なので、ティアには順調に行ってもらうことにしましょう。

##この話は修正されました##


アイスとシラミと65話

「お客さん、着きましたぜ」

「うむ、ご苦労や」

 

 おれは自転車を止めて、はやてに自転車から降りるように促す。はやてもその意をくみ取ったようで、自転車から降りる。

 

「それにしても乗り心地わっるいなー。

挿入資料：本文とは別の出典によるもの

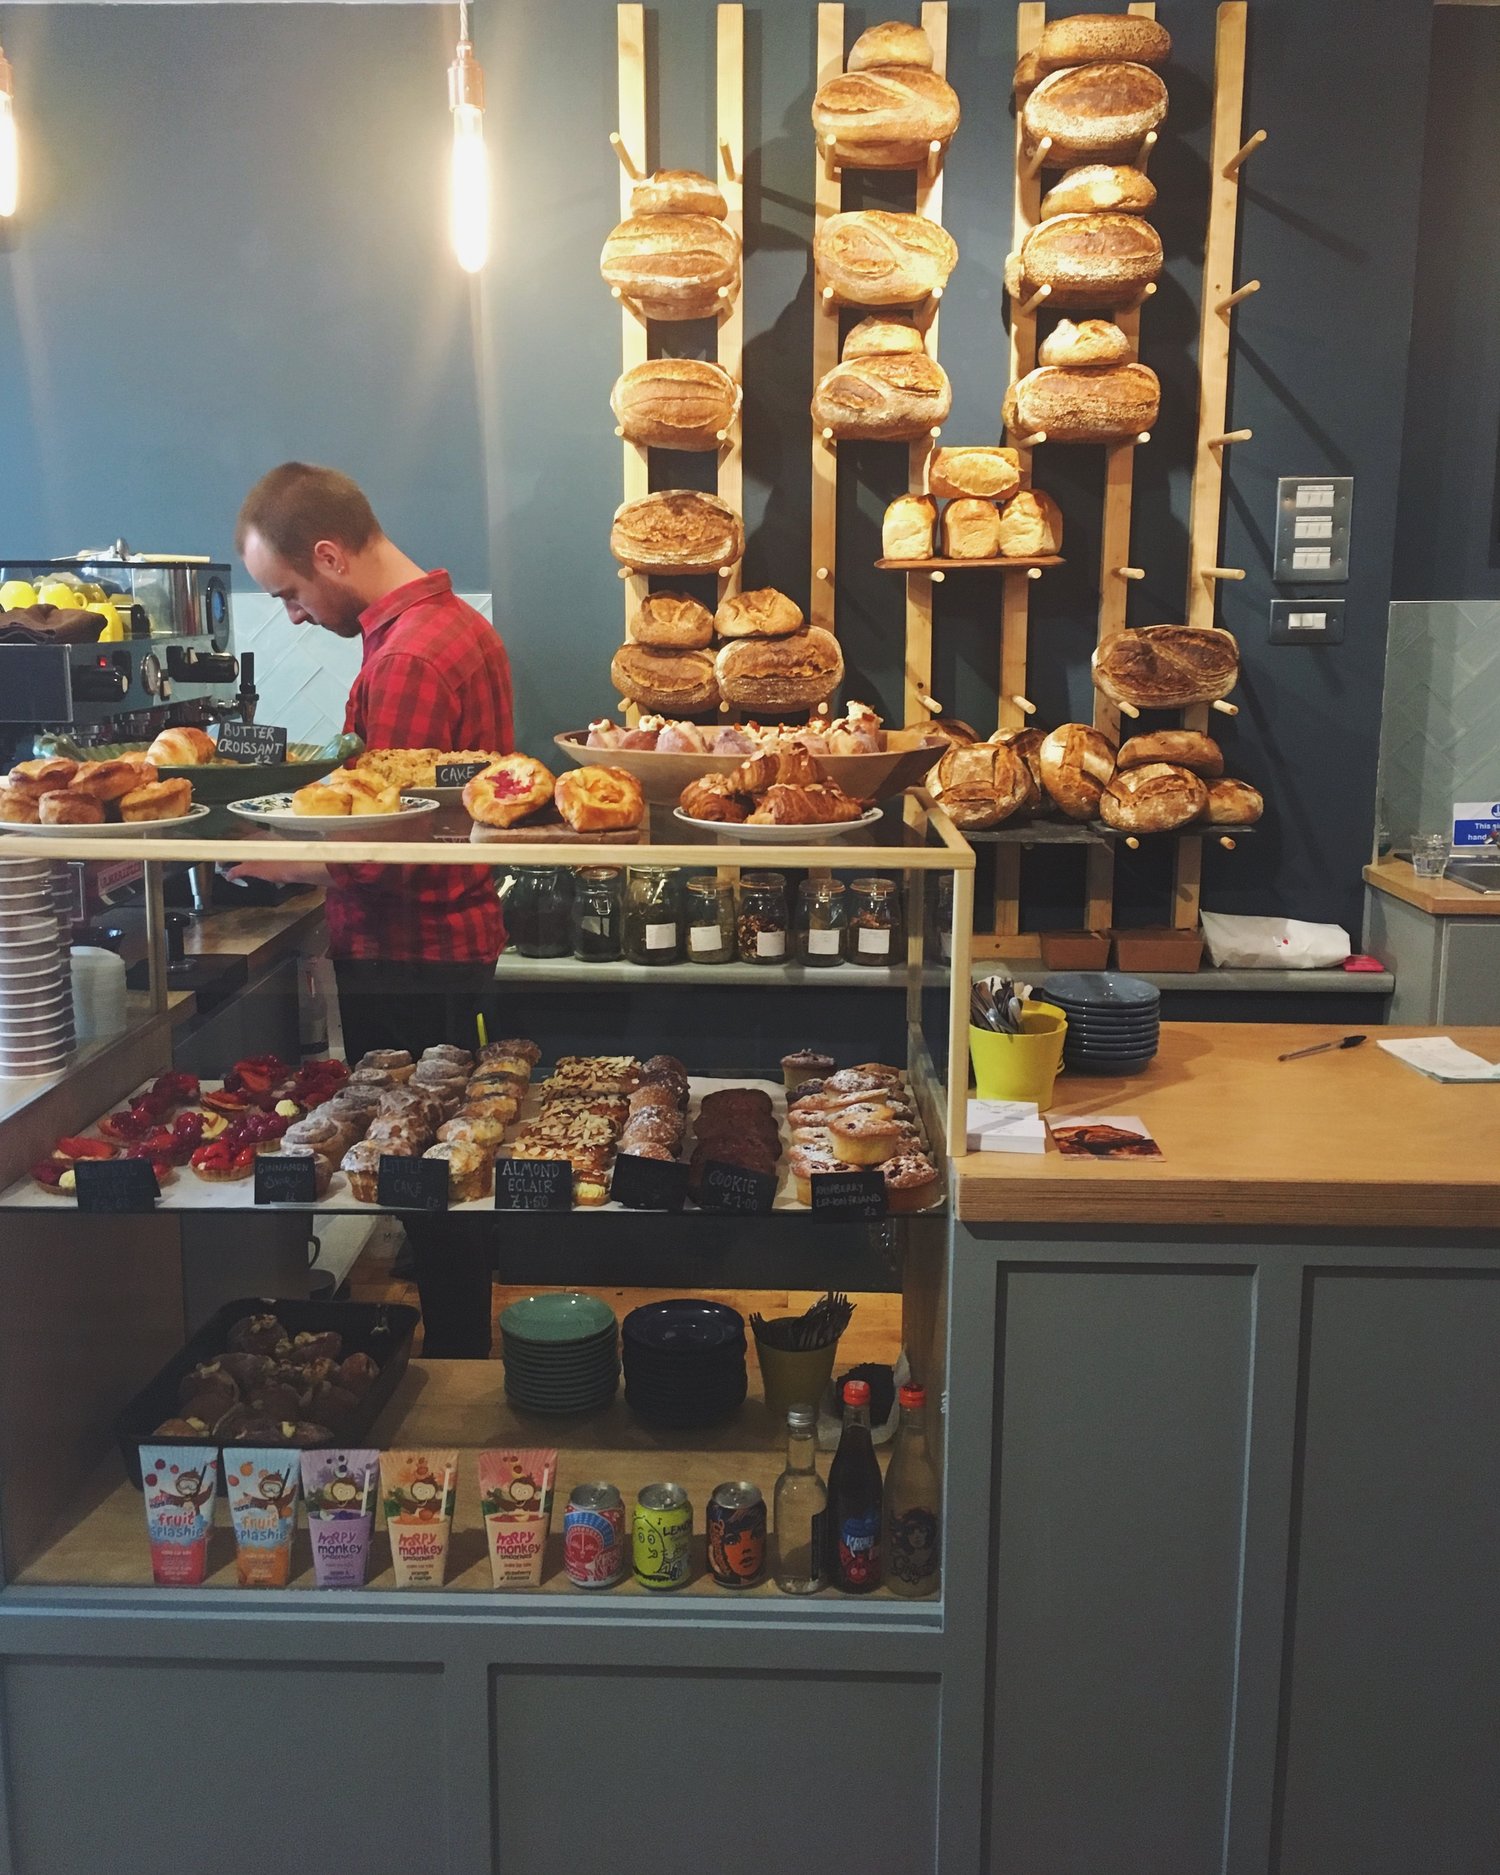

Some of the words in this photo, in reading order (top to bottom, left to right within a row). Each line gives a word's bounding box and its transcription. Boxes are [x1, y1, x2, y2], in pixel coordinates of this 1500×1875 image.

[223, 722, 275, 742] BUTTER
[217, 738, 284, 755] CROISSANT
[440, 766, 475, 782] CAKE
[1474, 822, 1491, 830] This
[1467, 833, 1482, 841] hand
[501, 1160, 560, 1178] ALMOND
[507, 1177, 556, 1193] ECLAIR
[708, 1169, 758, 1196] COOKIE
[158, 1511, 195, 1526] fruit
[242, 1511, 278, 1529] fruit
[150, 1525, 205, 1539] splashie
[317, 1543, 363, 1554] monkey
[398, 1545, 443, 1556] monkey
[496, 1543, 541, 1555] monkey

これを機会に免許取って車でも買ったらどうや?」

「嫌だ! おれは前世で車の免許を取ろうとしたんだぞ」

「ほう?」

 

 はやてはおれの話を意外そうにしながら聞いている。

 

「そして、見事免許の試験に受かったおれは決めたんだ……」

「何をや?」

 

 何を? そんなの決まっている。

 

「もう絶対に車は運転しないというを事だ」

「……そうかい」

 

 何だその呆れたような顔は! 車の運転って怖いんだぞ! 周りの人は技能研修の中盤頃には運転に慣れて楽しくなるって言ってたけど、そんなこと全く無かったわ! 卒業試験のその日までビクビクしながら乗ってたわ!

 

「まあ、それは置いといて。はよ行こ」

「そうしよ」  

 

 ミッドの歩道は大きいため、自転車を押しながら歩くことが可能だ。ミッドチルダの街並みは現代日本の都会とそう変わることは無い。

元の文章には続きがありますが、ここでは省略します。